The problem
Retype the entries exactly; omit all pictures.

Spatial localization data
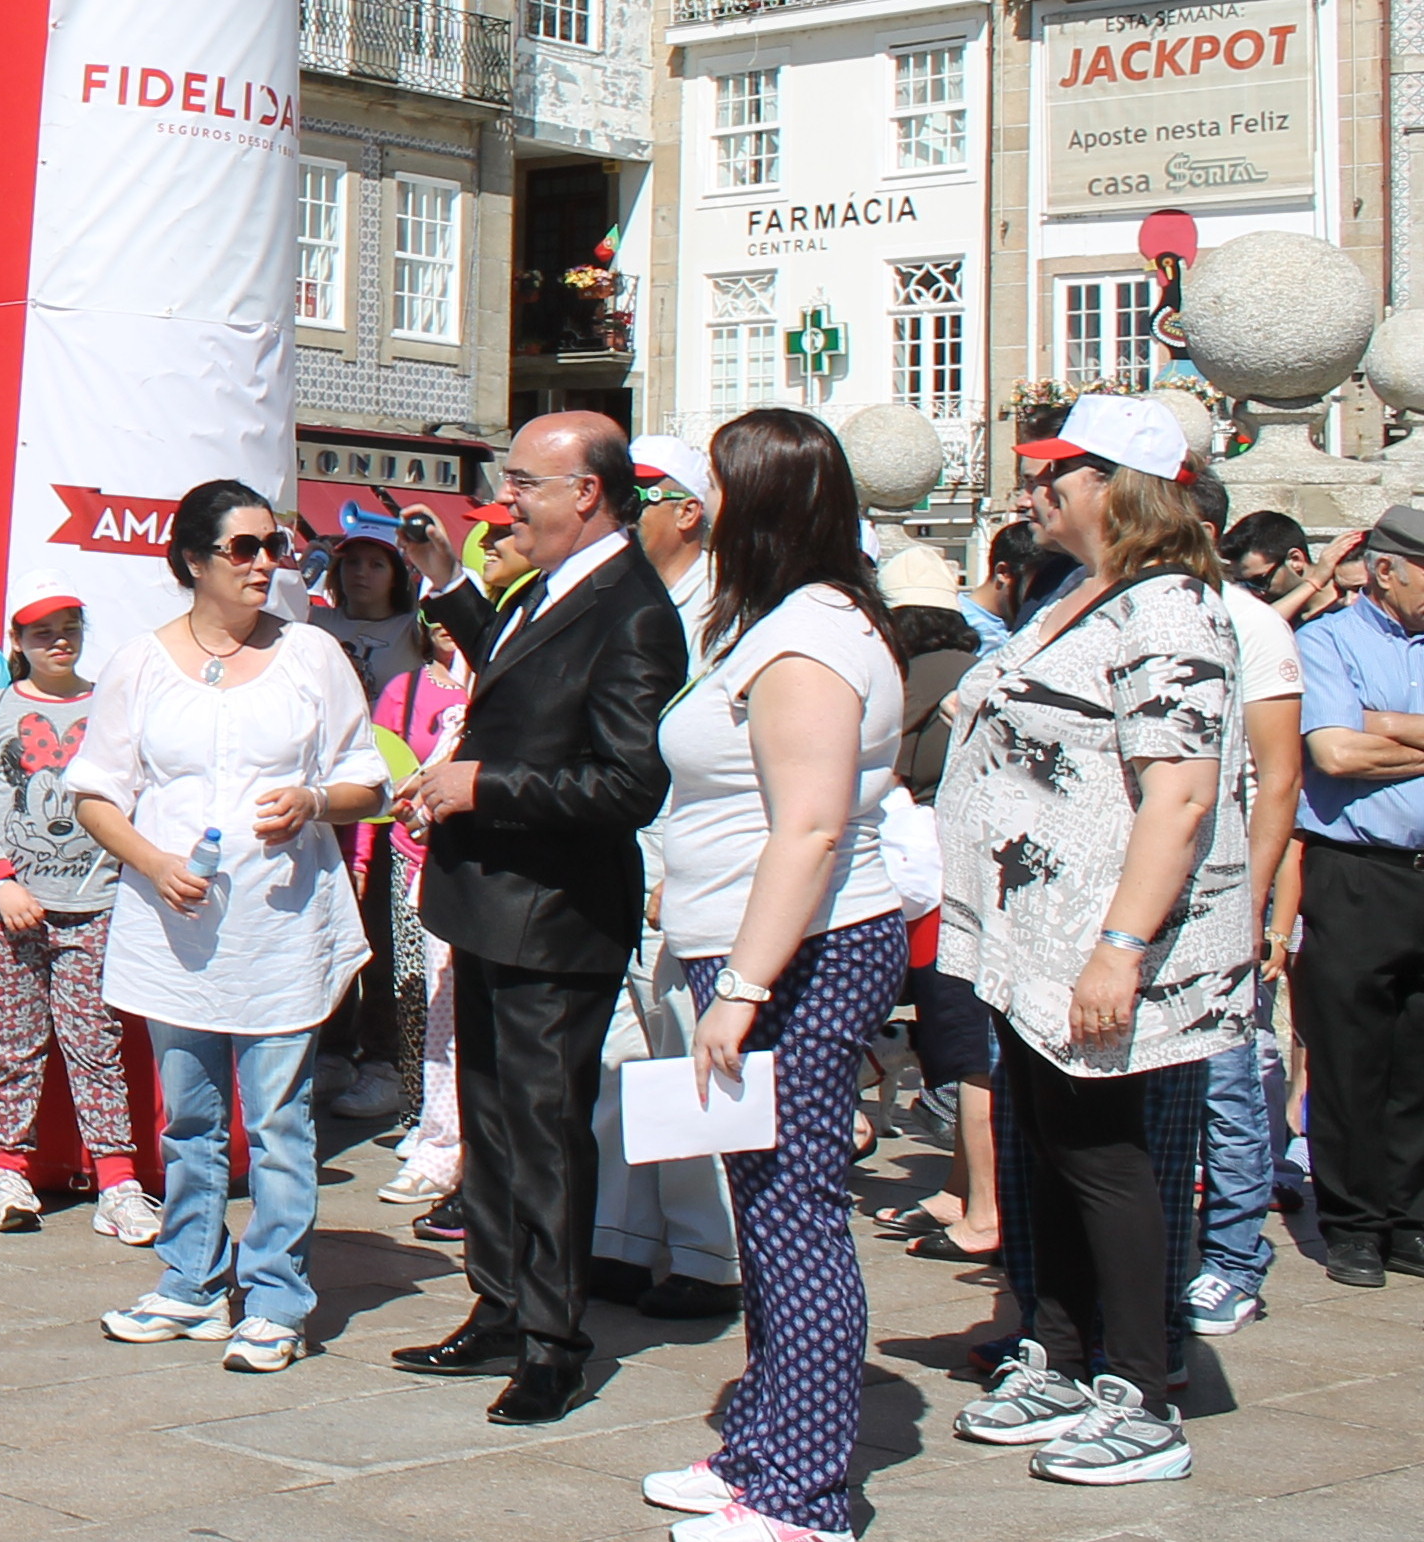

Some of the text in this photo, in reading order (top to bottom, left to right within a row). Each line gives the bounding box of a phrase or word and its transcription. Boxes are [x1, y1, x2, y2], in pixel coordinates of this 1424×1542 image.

[1105, 3, 1245, 33] ESTA SEMANA:
[1059, 24, 1297, 88] JACKPOT
[82, 64, 299, 138] FIDELIDA
[157, 122, 232, 142] SEGUROS
[238, 133, 274, 151] DESDE
[1068, 110, 1290, 152] Aposte nesta Feliz
[1088, 174, 1151, 196] casa
[748, 191, 917, 236] FARMÁCIA
[747, 238, 828, 256] CENTRAL
[8, 849, 94, 885] Minni
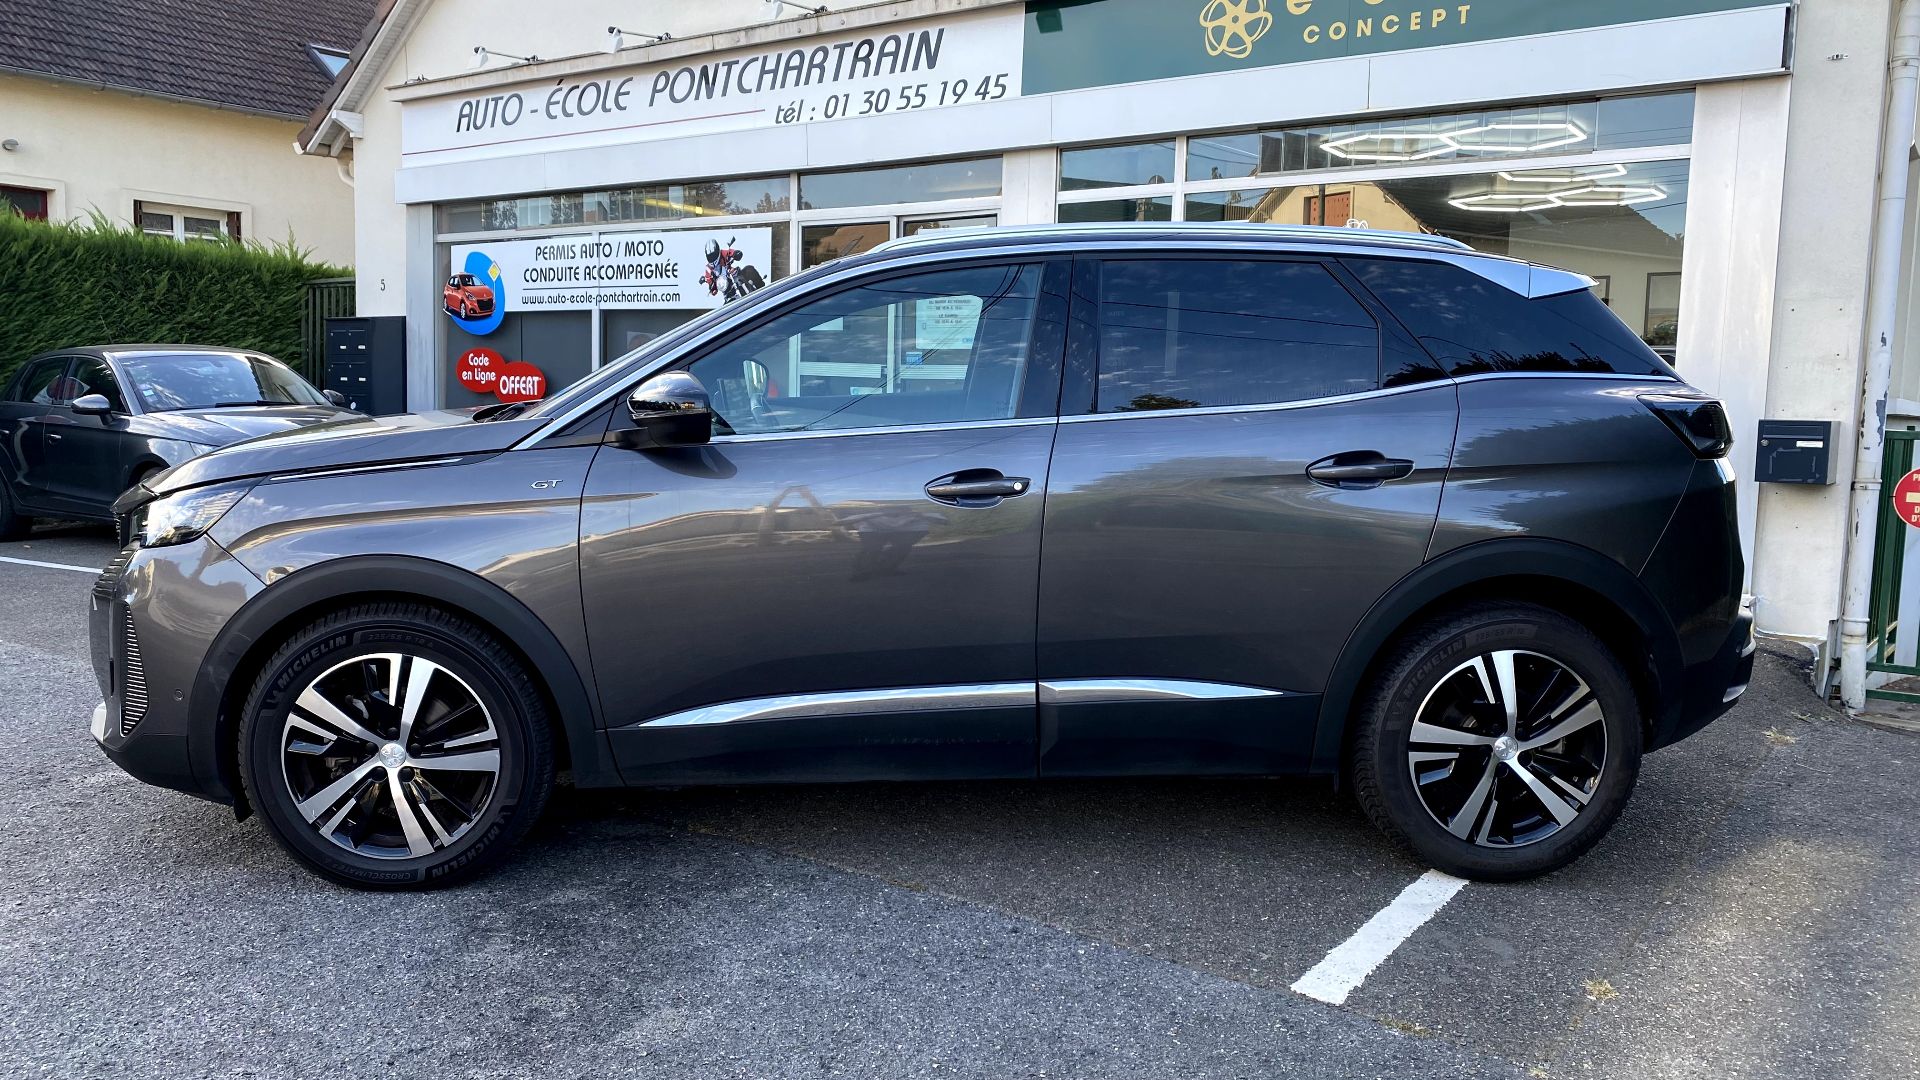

Solution to this task
Some of the text in this photo, in reading order (top to bottom, left to right within a row). Each line gives the bounding box of a phrase or word and its transcription. Boxes are [x1, y1, x2, y2], in pixel coordinates of this 1424×1542 image.

[1105, 3, 1245, 33] ESTA SEMANA:
[1059, 24, 1297, 88] JACKPOT
[82, 64, 299, 138] FIDELIDA
[157, 122, 232, 142] SEGUROS
[238, 133, 274, 151] DESDE
[1068, 110, 1290, 152] Aposte nesta Feliz
[1088, 174, 1151, 196] casa
[748, 191, 917, 236] FARMÁCIA
[747, 238, 828, 256] CENTRAL
[8, 849, 94, 885] Minni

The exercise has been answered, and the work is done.